**STUDY MATERIAL:**
Start of Block

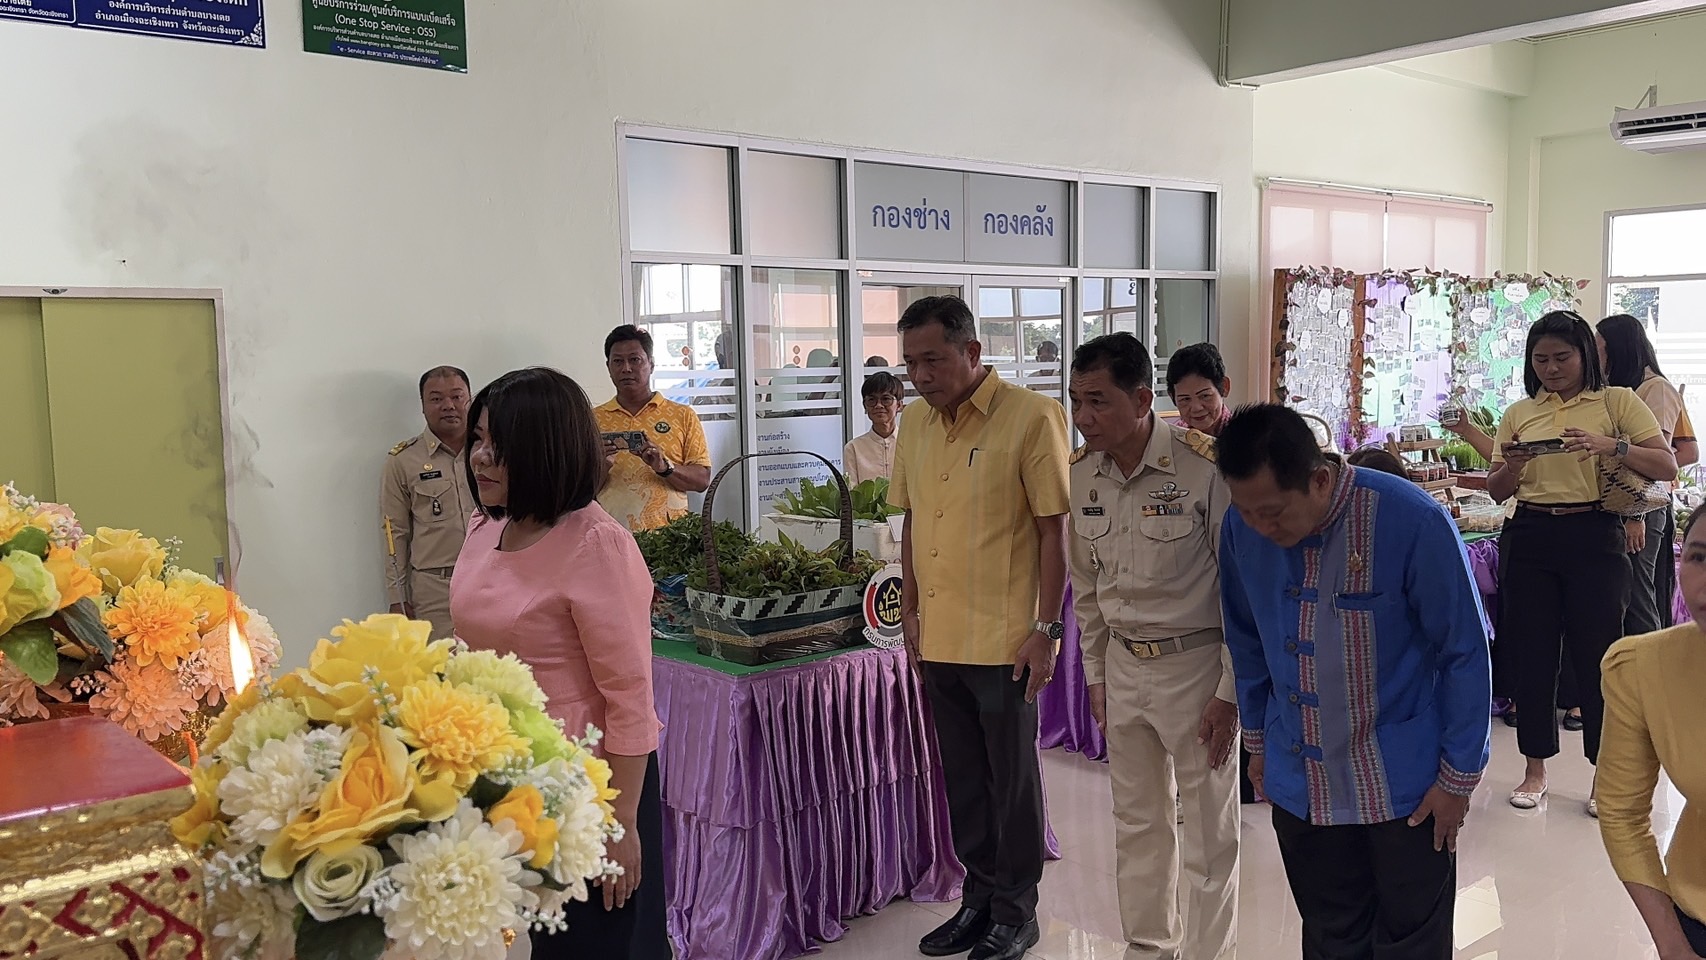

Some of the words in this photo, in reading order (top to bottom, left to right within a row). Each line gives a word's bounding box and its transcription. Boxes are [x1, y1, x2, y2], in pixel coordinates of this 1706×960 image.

[95, 10, 179, 29] อำเภอเมืองฉะเชิงเทรา
[182, 21, 245, 37] จังหวัดฉะเชิงเทรา
[335, 13, 357, 26] (One
[358, 17, 379, 31] Stop
[380, 21, 411, 34] Service
[417, 26, 437, 39] OSS)
[872, 198, 950, 231] กองช่าง
[983, 204, 1054, 237] กองคลัง
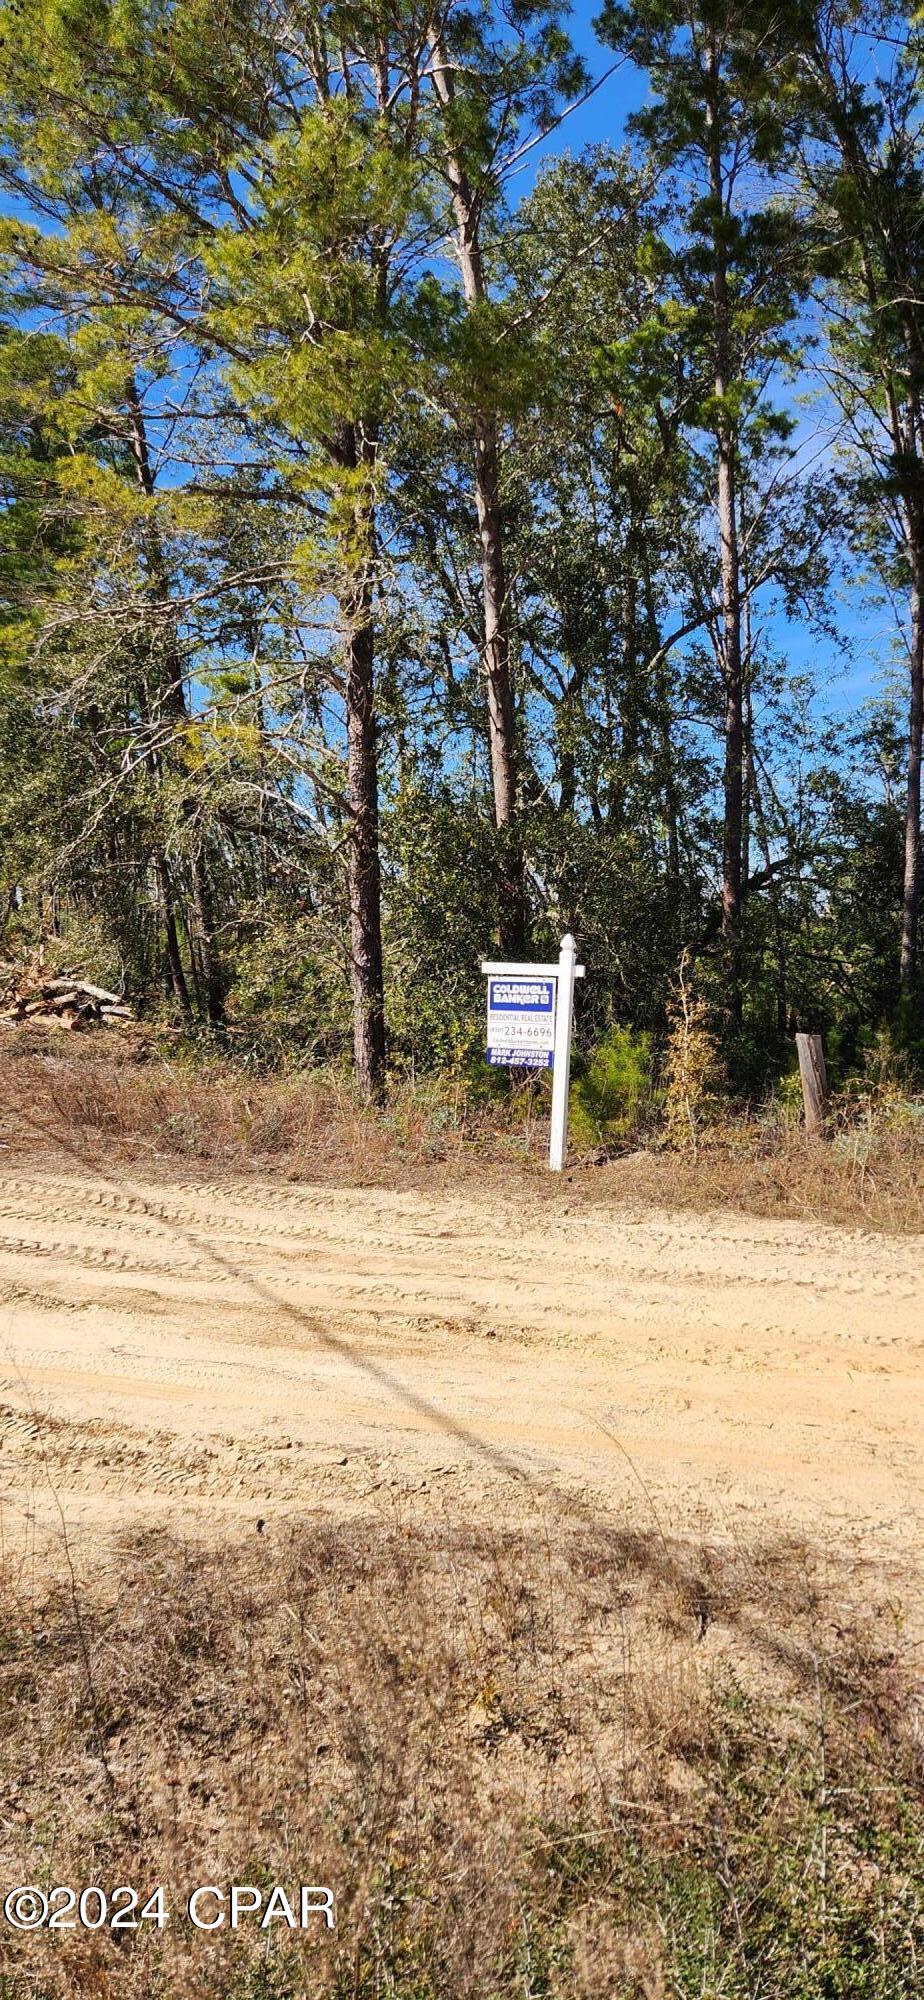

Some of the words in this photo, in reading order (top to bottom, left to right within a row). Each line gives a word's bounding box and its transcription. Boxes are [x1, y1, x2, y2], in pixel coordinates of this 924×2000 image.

[504, 1026, 552, 1037] 234-6696
[490, 1049, 511, 1057] MARK
[511, 1050, 550, 1058] JOHNSTON
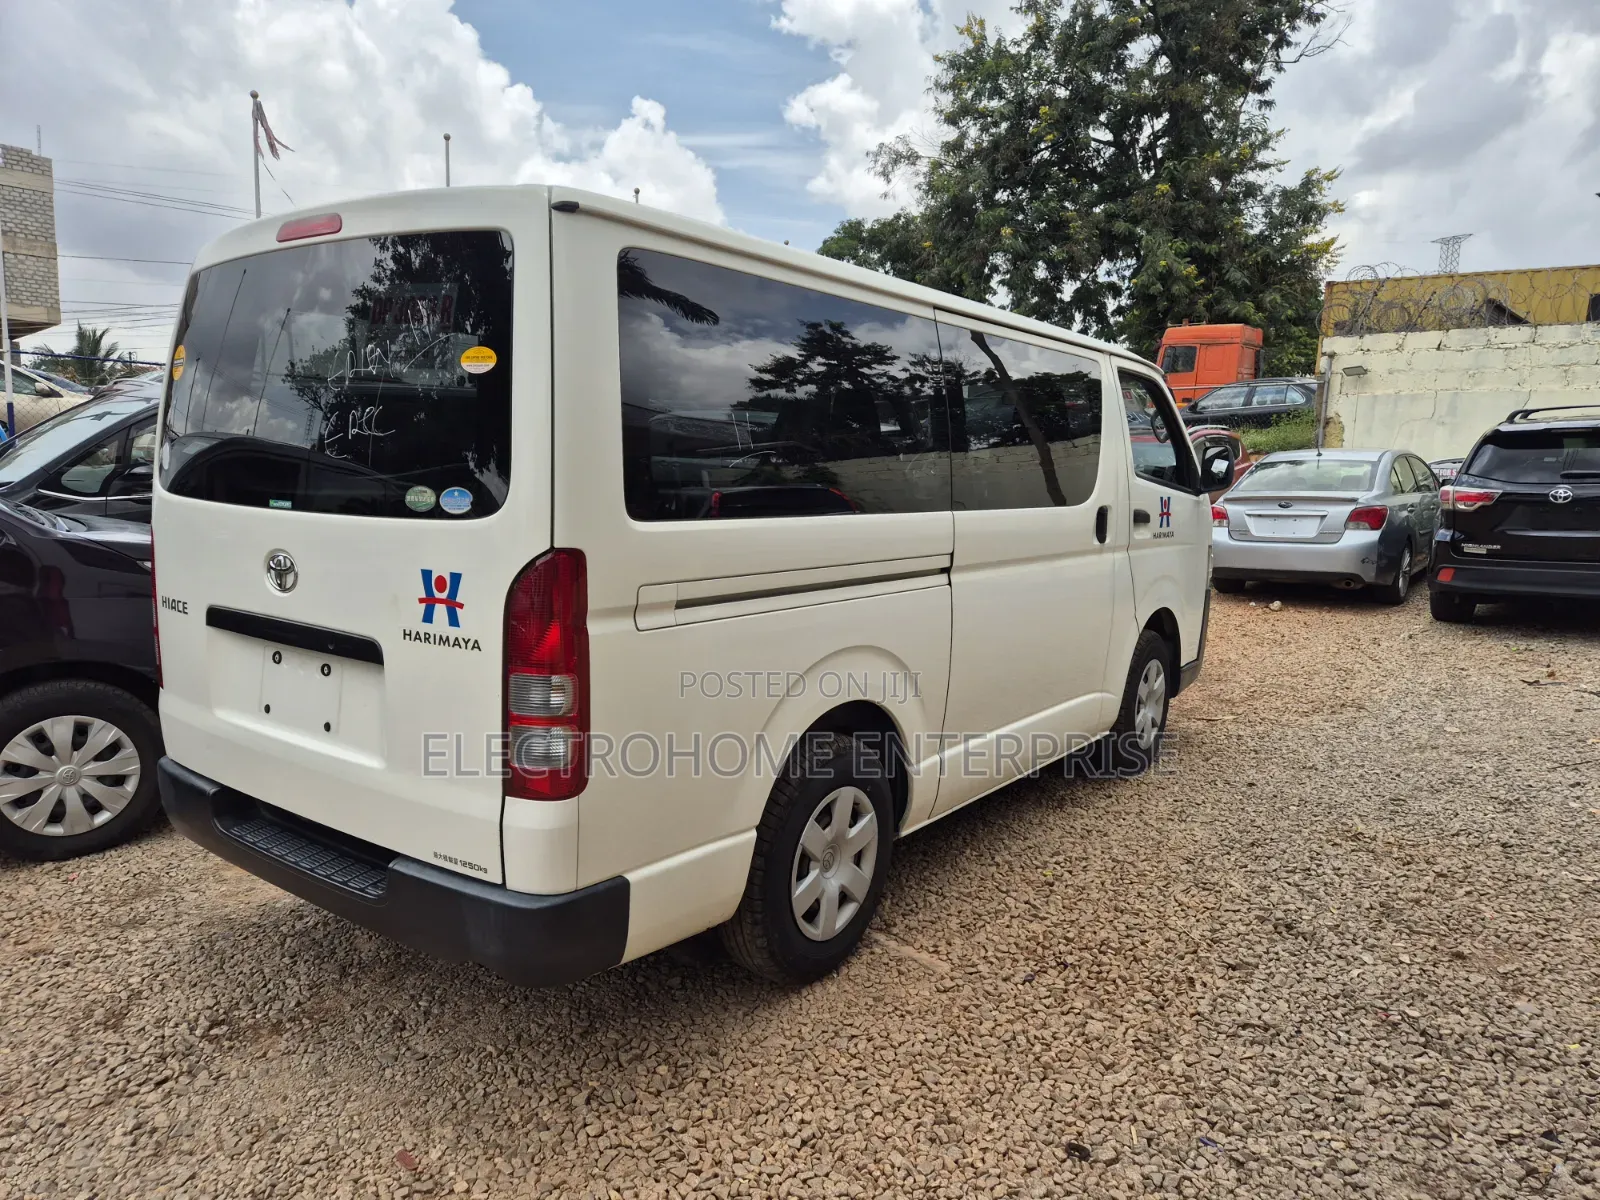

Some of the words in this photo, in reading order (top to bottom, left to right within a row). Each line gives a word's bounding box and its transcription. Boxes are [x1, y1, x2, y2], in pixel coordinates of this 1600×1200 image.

[161, 595, 189, 615] HIACE
[402, 628, 482, 652] HARIMAYA
[459, 859, 488, 874] 1250kg
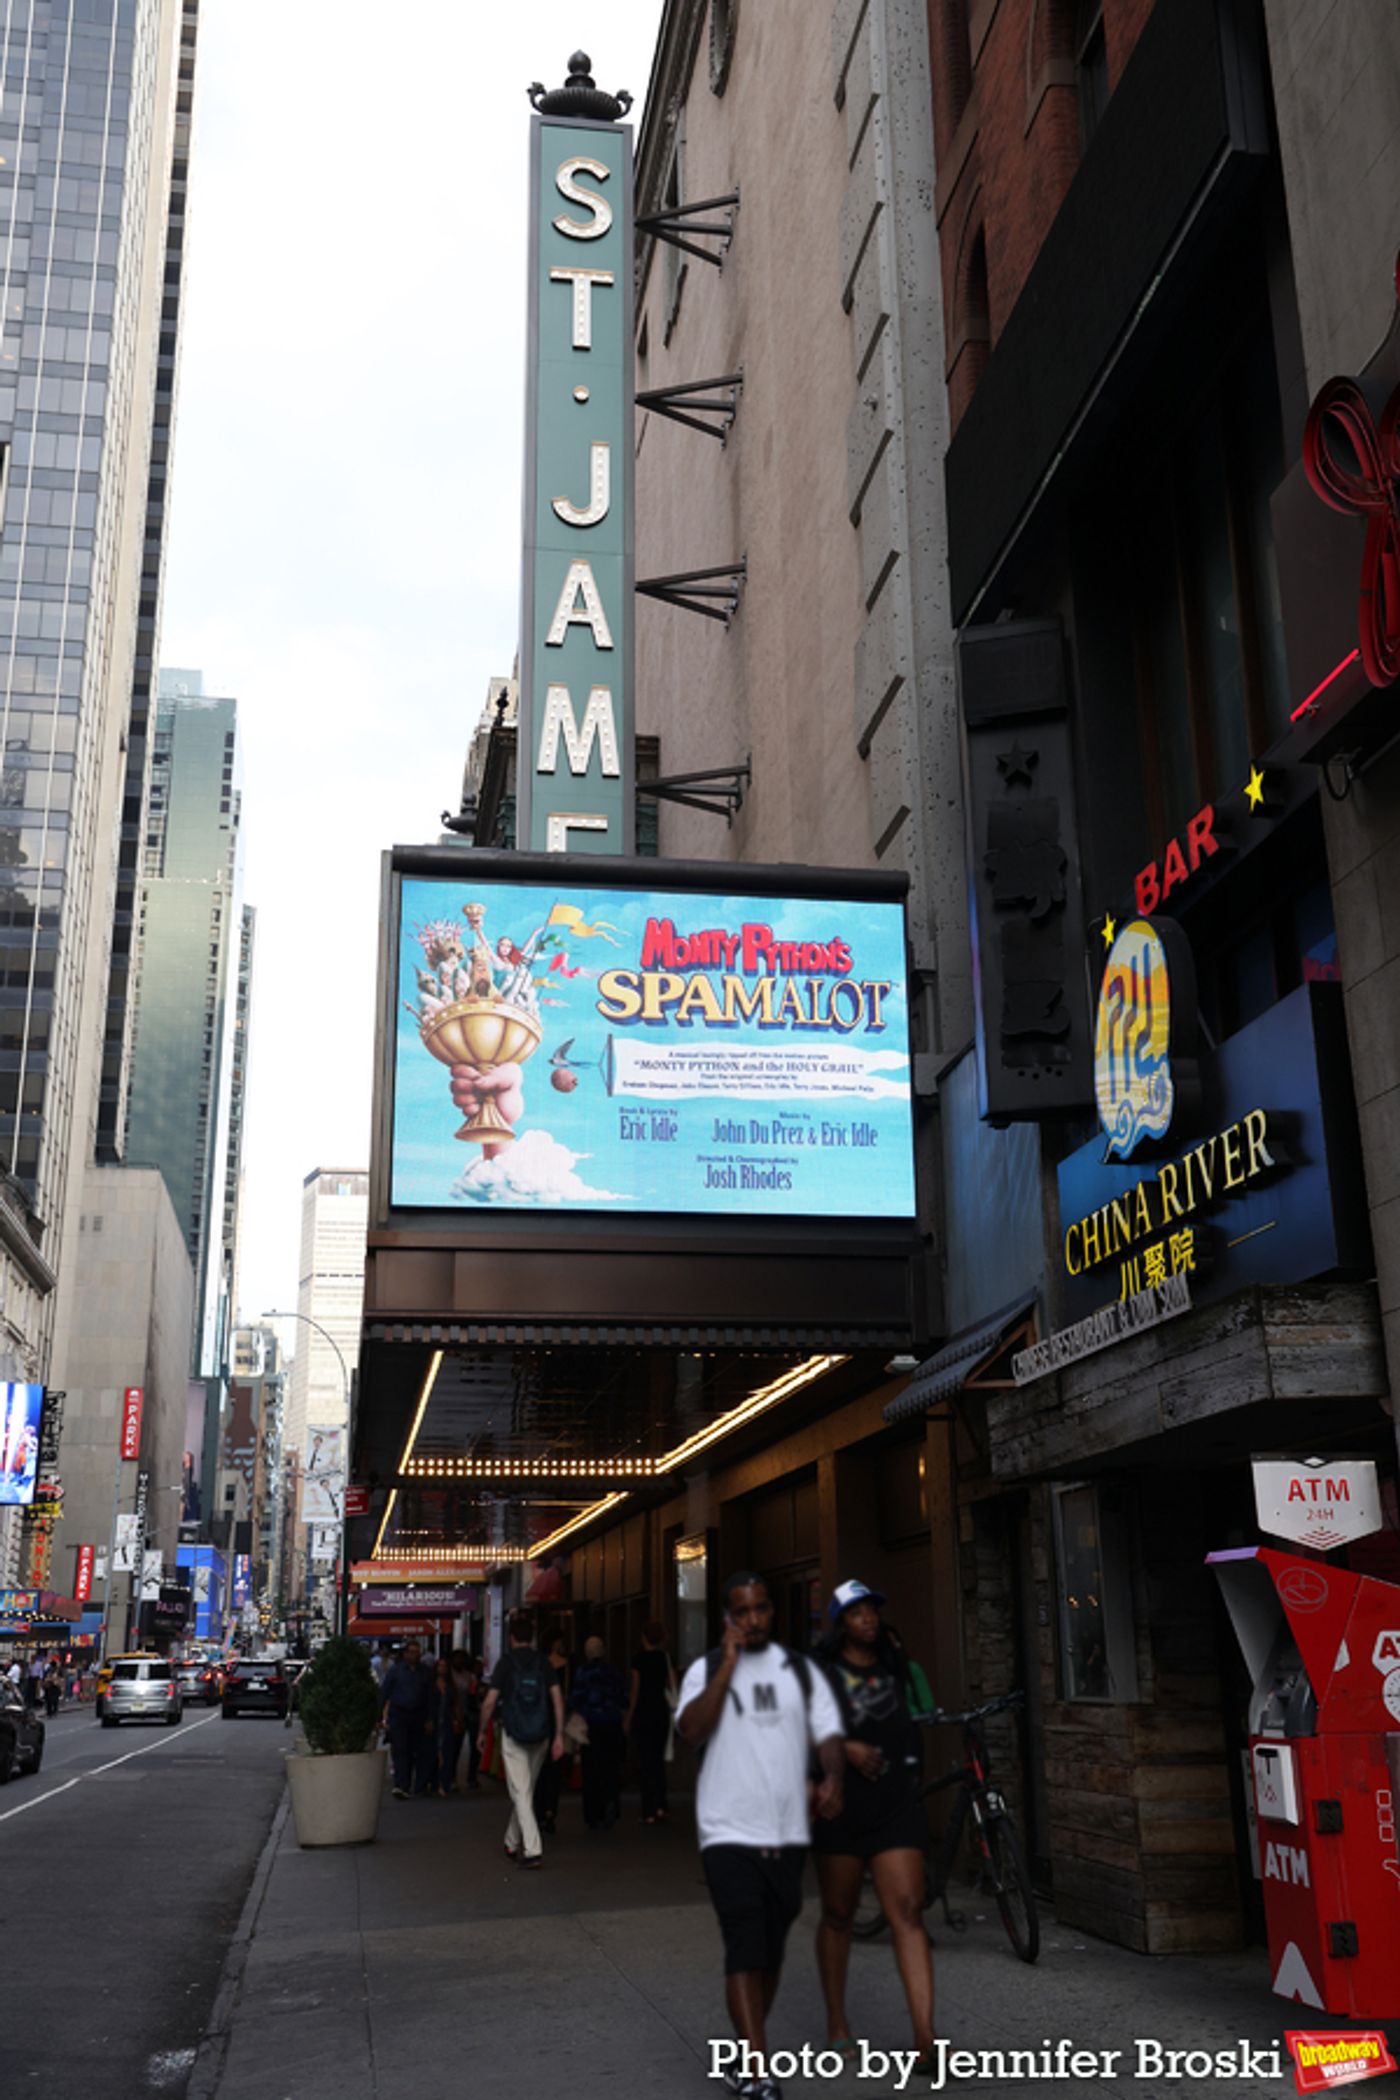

End of Block

**EXERCISE INSTRUCTIONS:**
The expected output is the full data above, reproduced exactly with no images.

**SOLUTION FOR THIS EXERCISE:**
Some of the words in this photo, in reading order (top to bottom, left to right within a row). Each line gives a word's bounding box and its transcription. Boxes are [x1, y1, x2, y2], in pixel coordinates of this 1706×960 image.

[95, 10, 179, 29] อำเภอเมืองฉะเชิงเทรา
[182, 21, 245, 37] จังหวัดฉะเชิงเทรา
[335, 13, 357, 26] (One
[358, 17, 379, 31] Stop
[380, 21, 411, 34] Service
[417, 26, 437, 39] OSS)
[872, 198, 950, 231] กองช่าง
[983, 204, 1054, 237] กองคลัง

Some of the words in this photo, in reading order (top to bottom, left to right within a row). Each line gives a word's bounding box and its transcription. Boxes are [x1, y1, x2, y2], in pixel coordinates of this 924×2000 image.

[504, 1026, 552, 1037] 234-6696
[490, 1049, 511, 1057] MARK
[511, 1050, 550, 1058] JOHNSTON

Some of the words in this photo, in reading order (top to bottom, left to right within a row). Each line gives a word's bounding box and its transcription. Boxes are [x1, y1, x2, y2], in pixel coordinates of this 1600×1200 image.

[161, 595, 189, 615] HIACE
[402, 628, 482, 652] HARIMAYA
[459, 859, 488, 874] 1250kg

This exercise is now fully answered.